Fourthly. "His hand will be against every man, and every man's hand against him." Ishmael lived by prey and rapine in the wilderness, and ever since his posterity have infested Arabia and the adjacent countries with their robberies and incursions. They live in a state of continual war with the rest of the world, and are both robbers by land and pirates by sea. Formerly, and even now, travelers are obliged to go armed, and in caravans, and to march and keep guard, like an army, to defend themselves from the assaults of these freebooters, who run about in troops, and rob and plunder all whom they can by any means subdue. As they have been such enemies to mankind, it is no wonder that, in return, mankind have been enemies to them, and that many and powerful efforts have been made to extirpate them from the face of the earth.

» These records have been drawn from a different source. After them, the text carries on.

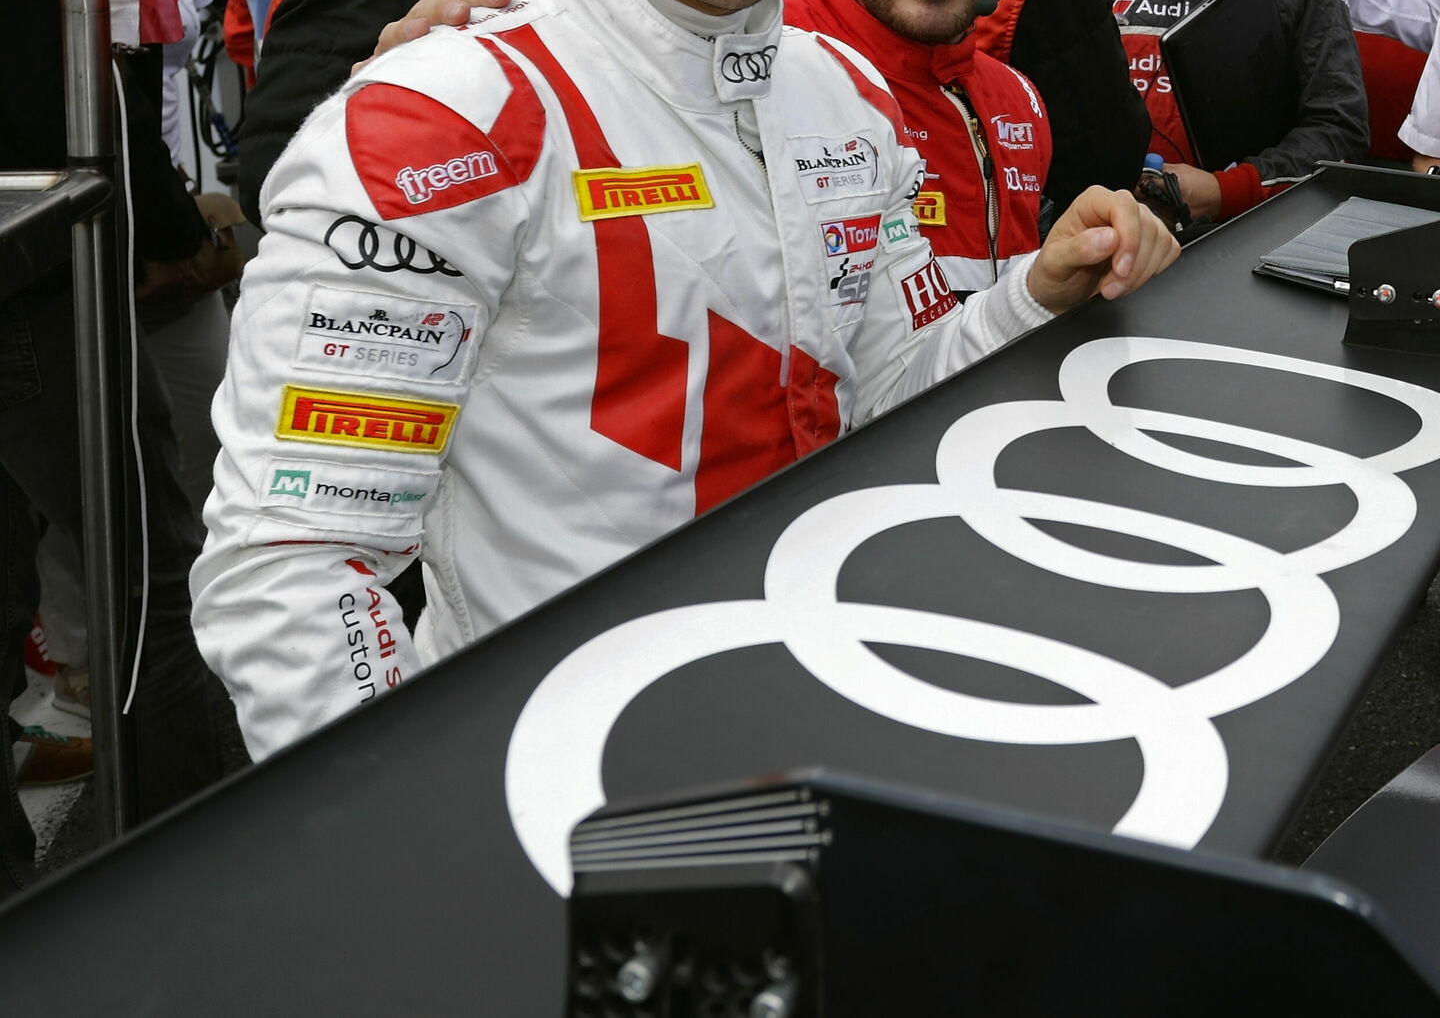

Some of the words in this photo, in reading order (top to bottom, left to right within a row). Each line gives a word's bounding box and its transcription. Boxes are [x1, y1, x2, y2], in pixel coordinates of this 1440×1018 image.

[1135, 0, 1190, 18] Audi
[1129, 54, 1162, 72] udi
[795, 151, 867, 172] BLANCPAIN
[397, 152, 497, 204] freem
[588, 173, 700, 211] PIRELLI
[816, 176, 830, 189] GT
[845, 224, 878, 245] TOTAL
[904, 260, 951, 316] HO
[309, 312, 446, 345] BLANCPAIN
[323, 342, 350, 359] GT
[354, 347, 419, 367] SERIES
[290, 396, 446, 445] PIRELLI
[366, 587, 396, 660] Audi

But the most amazing part of the prediction is yet to be examined.

Fifthly. "He shall dwell in the presence of all his brethren.” This is indeed very extraordinary, that "his hand should be against every man, and every man's hand against him," and yet that he should be able to "dwell in the presence of all his brethren ;" but, extraordinary as it was, this likewise has been fulfilled, both in Ishmael and in his posterity. Concerning Ishmael the sacred historian relates, Gen. xxv, 17, 18, that "the years of the life of Ishmael were a hundred and thirty and seven years, and he died in the presence of all his brethren." And in respect to his posterity, they dwelt likewise in the presence of all their brethren: Abraham's sons by Keturah; the Ammonites and Moabites, descendants of Lot; the Israelites, descendants of Abraham by Jacob; and the Edomites, his descendants by Esau. And they still subsist a distinct and independent people, possessing the country of their fathers, notwithstanding the perpetual enmity between them and the rest of mankind.

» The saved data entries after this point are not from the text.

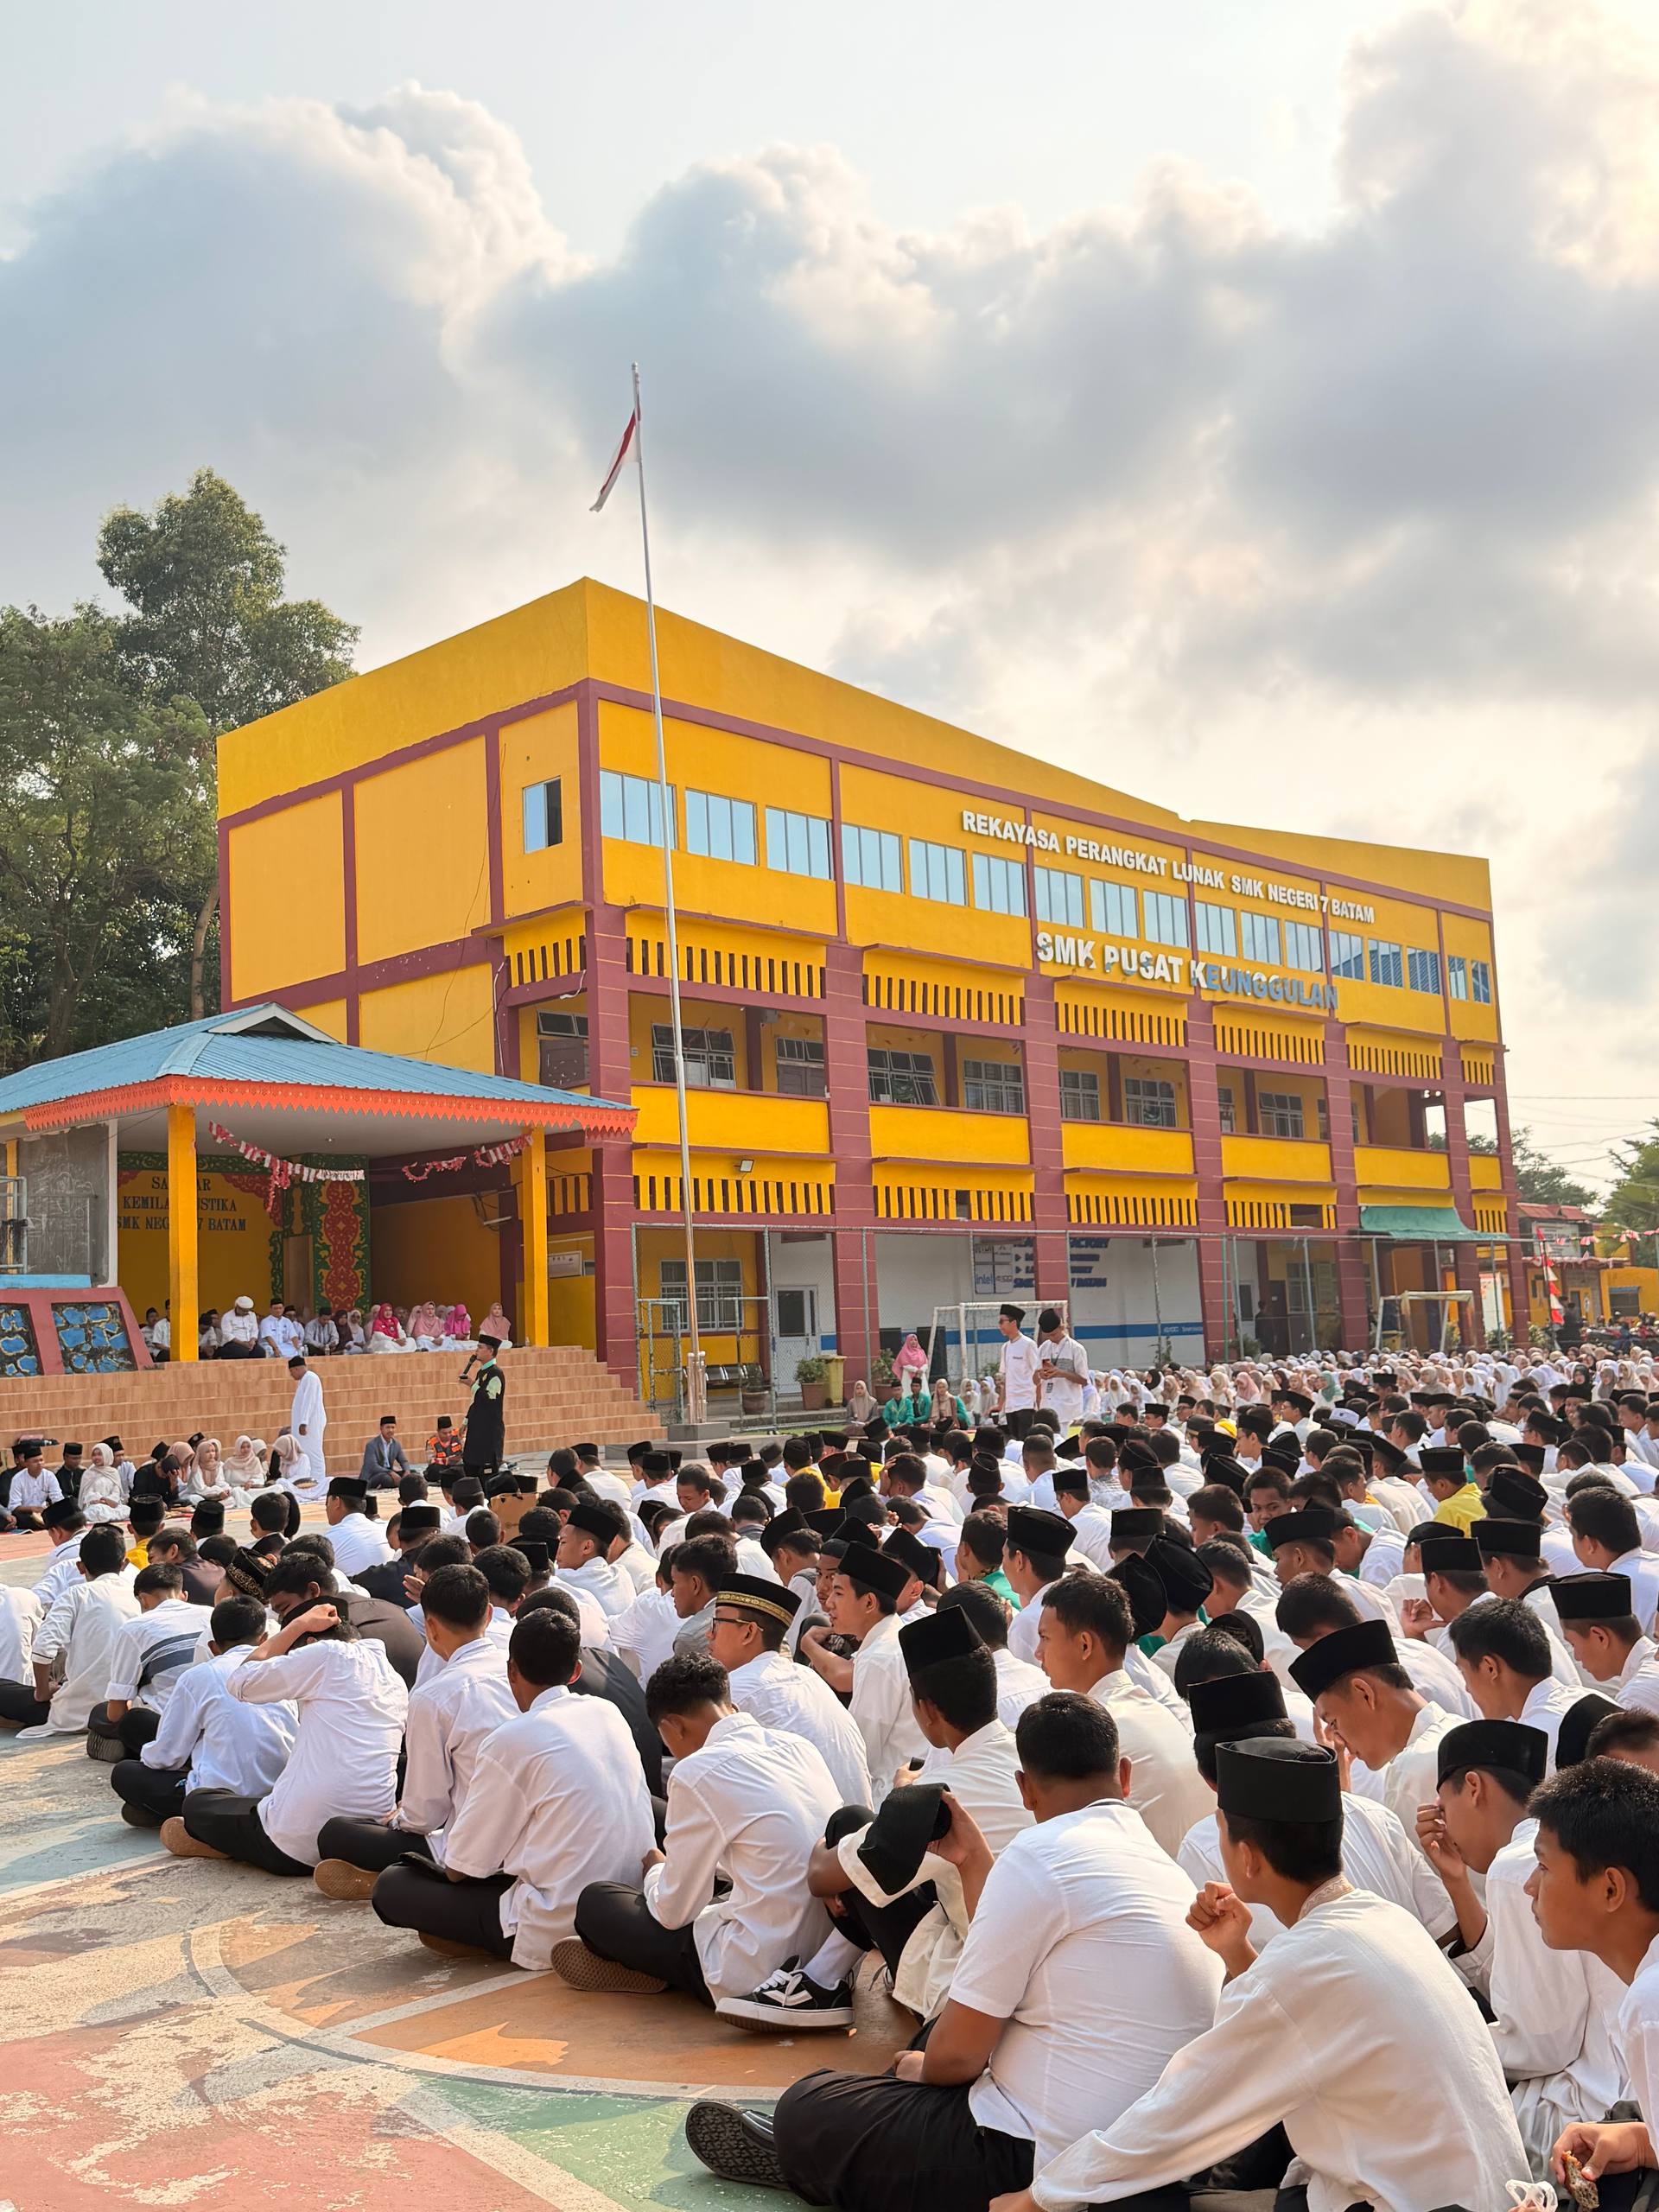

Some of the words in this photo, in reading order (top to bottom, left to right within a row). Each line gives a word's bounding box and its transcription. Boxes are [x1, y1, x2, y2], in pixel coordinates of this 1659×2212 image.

[962, 810, 1060, 854] REKAYASA
[1065, 836, 1167, 876] PERANGKAT
[1172, 861, 1225, 890] LUNAK
[1230, 874, 1264, 899] SMK
[1268, 883, 1319, 911] NEGERI
[1319, 895, 1329, 912] 7
[1331, 899, 1375, 924] BATAM
[1036, 931, 1096, 969] SMK
[1103, 944, 1184, 984] PUSAT
[1189, 959, 1338, 1010] KEUNGGULAN
[208, 1218, 246, 1231] BATAM

Let it not be said that the barrenness of their country was the cause of its preservation. Though the greater part of it be sandy and barren deserts, yet here and there are interspersed beautiful spots and fruitful valleys. On the green mountains of Yemen flourishes an almost continual spring; there the silvery streamlet glides sweetly along; there the golden corn richly waves in the breeze, while the senses are regaled by the purple grape, the blooming flowers, the verdant foliage, and the fragrant odors sweetly wafted in the gentle zephyrs that breathe along the fields of Arabian spice, so famous in history and song.

But were the country ever so barren and worthless, still it would be to the interest of the neighboring princes at any hazard to subdue such a pestilential race of robbers, who, by their depredations and incursions, are constantly injuring and frequently destroying the subjects of the adjacent states. And, indeed, their subjugation has often been attempted, but never accomplished. They have from their beginning until now maintained their independence; and notwithstanding the most powerful efforts made for their destruction, they still dwell in the presence of all their brethren, and in the presence of all their enemies.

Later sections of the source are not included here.